Staying competitive means maximizing your available grow room space. Cannabis cultivators and indoor food producers who can increase yields without sacrificing product quality or adding square footage are on the path to increased ROI.

4 Ways to Maximize Grow Room Square Footage

Article from | Surna

Maximizing the square footage of your commercial grow rooms can help improve your ROI. This means that you are squeezing as many plants into the grow space as possible without sacrificing quality or yield.

There are several reasons why you may want to maximize your canopy footprint. For example, in regions where real estate comes at a premium, such as in cities like Los Angeles or New York, every square foot can make a difference on your bottom line. Or you may be hoping for bigger yields without having to expand your operation.

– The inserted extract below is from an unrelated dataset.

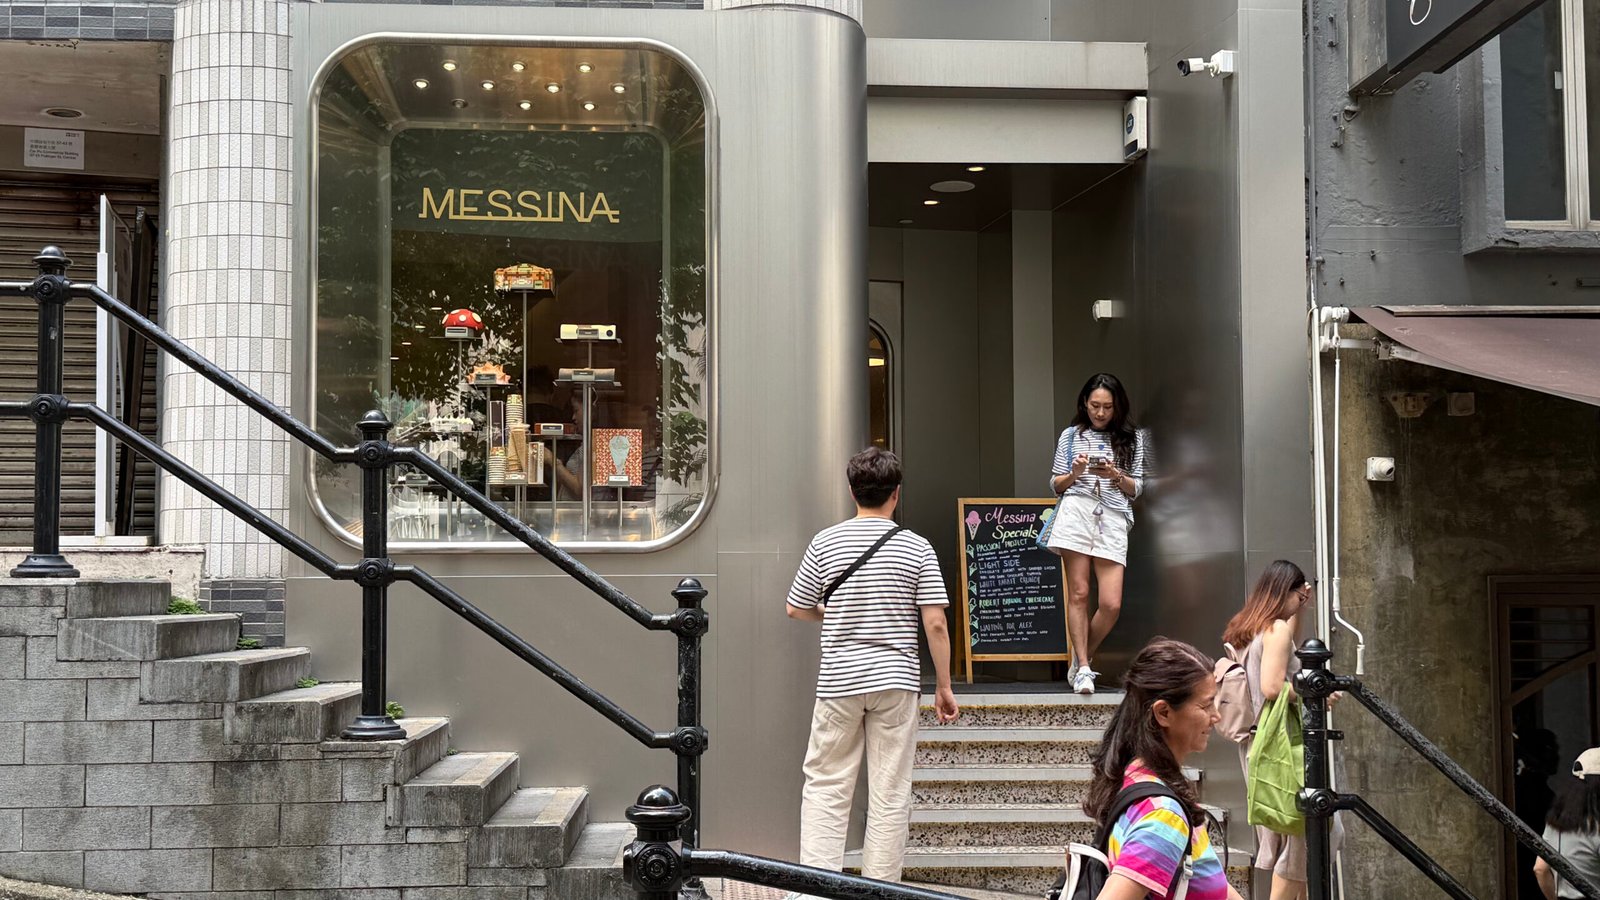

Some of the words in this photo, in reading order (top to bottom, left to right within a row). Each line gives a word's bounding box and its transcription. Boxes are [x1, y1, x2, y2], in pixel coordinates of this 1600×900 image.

Regardless of your reason, there are 4 key methods to ensuring you get the most out of your indoor farm.

 

1. Go Vertical

Indoor farms have the luxury of being able to grow in tiers. Multi-tier vertical grow racks allow you to expand your plant canopy without adding square footage. Instead, you are expanding your canopy in cubic feet.

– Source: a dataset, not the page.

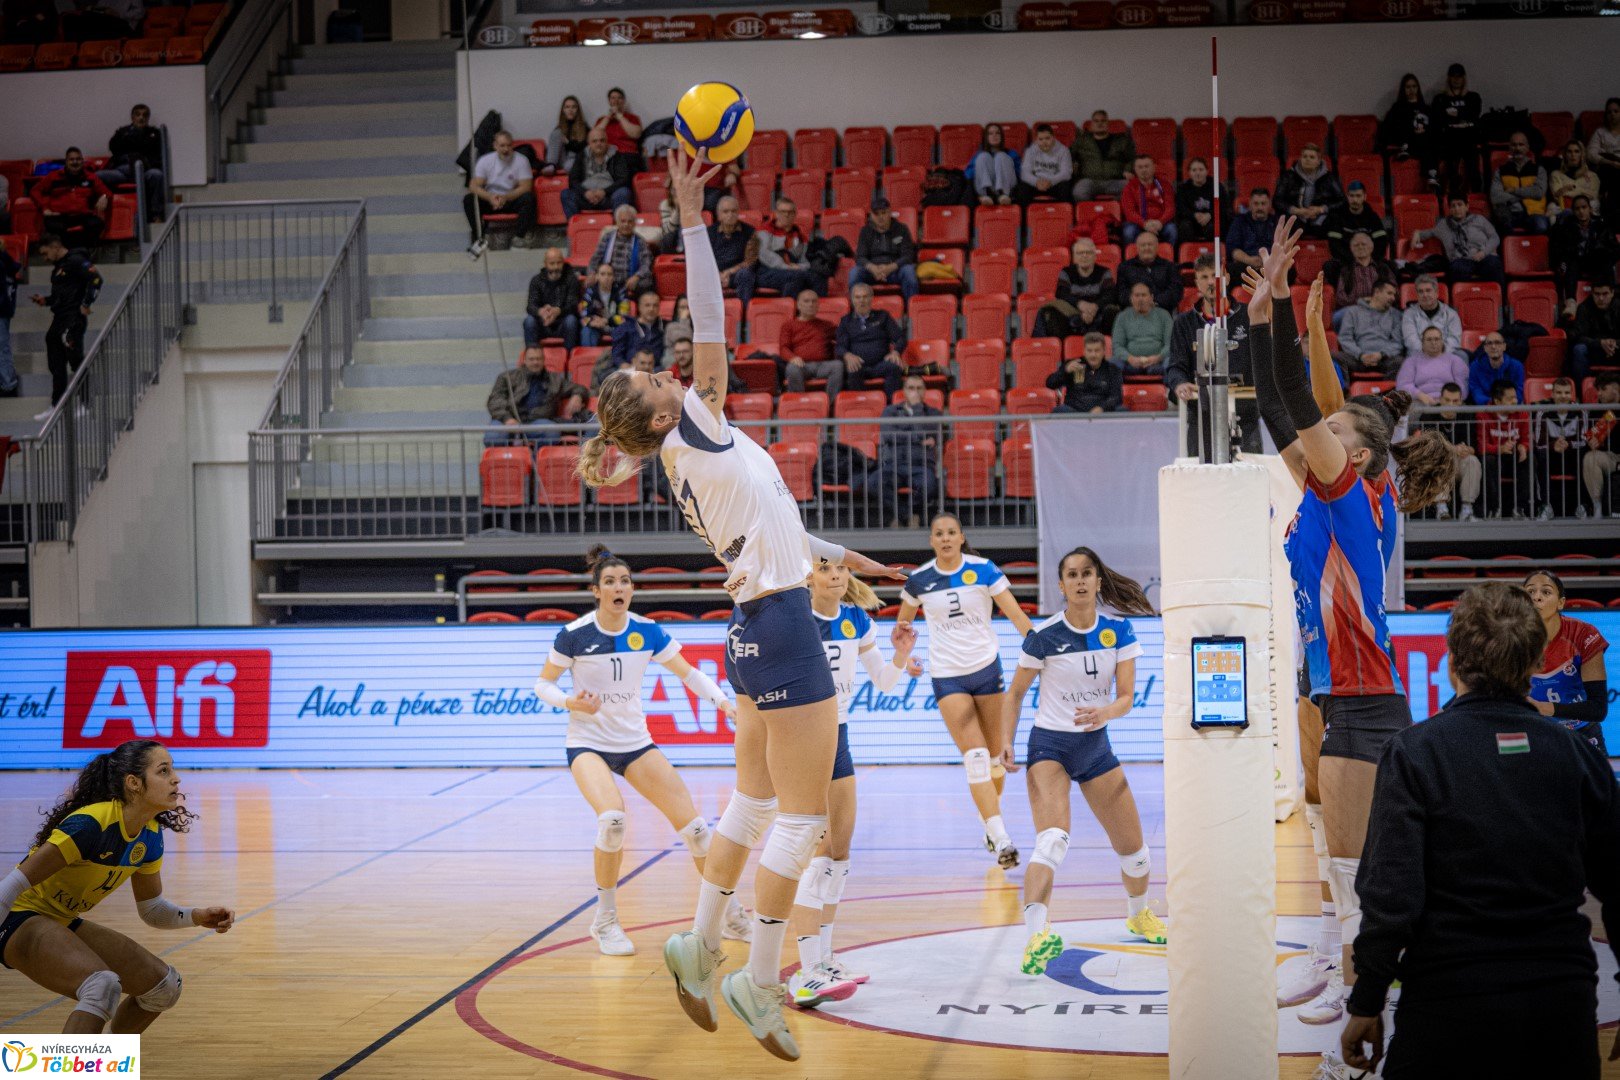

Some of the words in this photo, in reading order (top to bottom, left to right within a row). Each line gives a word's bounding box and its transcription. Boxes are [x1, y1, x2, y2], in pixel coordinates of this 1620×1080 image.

comparing square feet to cubic feet indoor agriculture

If you are growing leafy greens, microgreens, herbs, soft fruits, etc., you will most likely opt for a vertical farm. Because these plants are typically short and compact, they are very easy to grow in layers that don’t require much spacing between them. Therefore, you can fit a lot of them in one room.

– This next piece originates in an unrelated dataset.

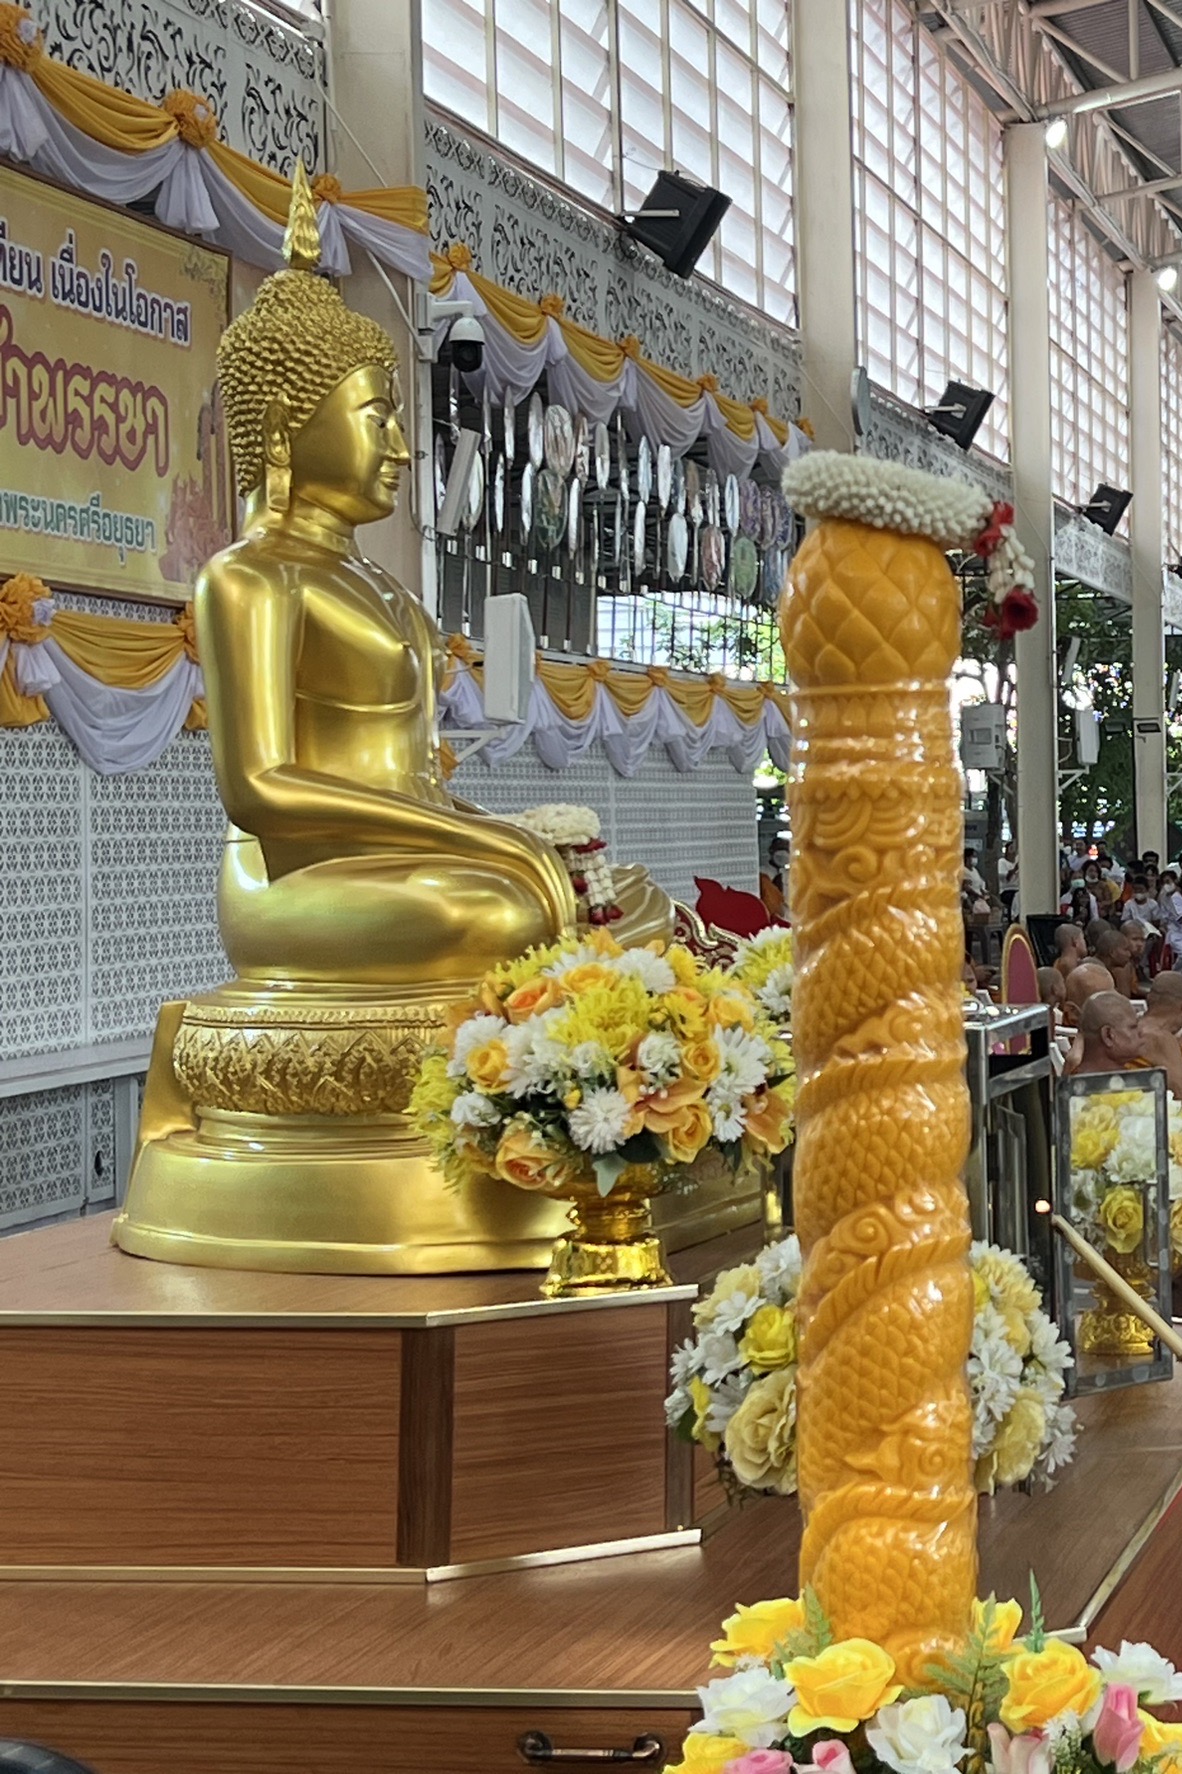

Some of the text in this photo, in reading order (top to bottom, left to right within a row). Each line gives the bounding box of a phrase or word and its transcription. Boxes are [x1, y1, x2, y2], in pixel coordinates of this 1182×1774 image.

However, if you are cultivating cannabis, you have a bit harder of a choice to make. Cannabis plants are tall and require more vertical height than many other plant varieties that can be grown in controlled environments. This means that you will be able to fit less tiers of plants in a room. Commercial cannabis growers must take into consideration what kind of racks they will use, their water volumes, and their HVAC requirements before deciding what will be best for their ROI.

 

Grow Room Equipment for Vertical Farming

If you are deciding whether to grow vertically, consider the grow room equipment you will need:

  • Vertical Grow Racks: You will need to invest in multi-tier grow racks. There are many options ranging in brand, quality, mobility, height, and irrigation method. Additionally, you will need to ensure your staff can access each tier via ladders, lifts, or some other method of vertical transportation.
  • LED Lights: Traditionally, high-powered HPS lights were the preferred lighting method in horticultural operations. However, LEDs have become more popular thanks to their energy saving potential and reduced waste heat. Because they emit less heat than other light sources, LEDs decrease vertical space requirements between the light and the plants. This allows you to grow in vertical layers rather than being limited to single-tier indoor grows and greenhouses.
  • HVAC: Adding more plants, more lights, and more water to a room will impact your HVAC requirements. Your system will need to handle a higher cooling load and to account for more humidity. You will also need adequate air movement to avoid pockets of hot, humid air from forming, which usually requires a special system that incorporates both the grow rack and ventilation.

 

2. Create Moveable Aisles

Most commercial indoor farms use mobile benches and vertical grow racks these days. Pushing rolling benches and mobile racks from side to side allows you to create aisles where needed, expanding your cultivation space without the need for additional floor space. There are a few ways grow benches can be mobilized.

surna grow rack installation

Rolling benches are the most common method among single-tier options. The feet are attached to the floor, while a rolling bar beneath the table allows the tray top to move from side to side, creating a domino effect along the other tables in the room.

Track benches work similarly, however instead of having stationary legs, the table top is stationary, and the legs can be moved along a track within the floor. Mobile vertical grow systems move in the same way, except they are operated by a wheel and pully system rather than pushing the racks themselves. This makes it easy to move them, even when filled with plants.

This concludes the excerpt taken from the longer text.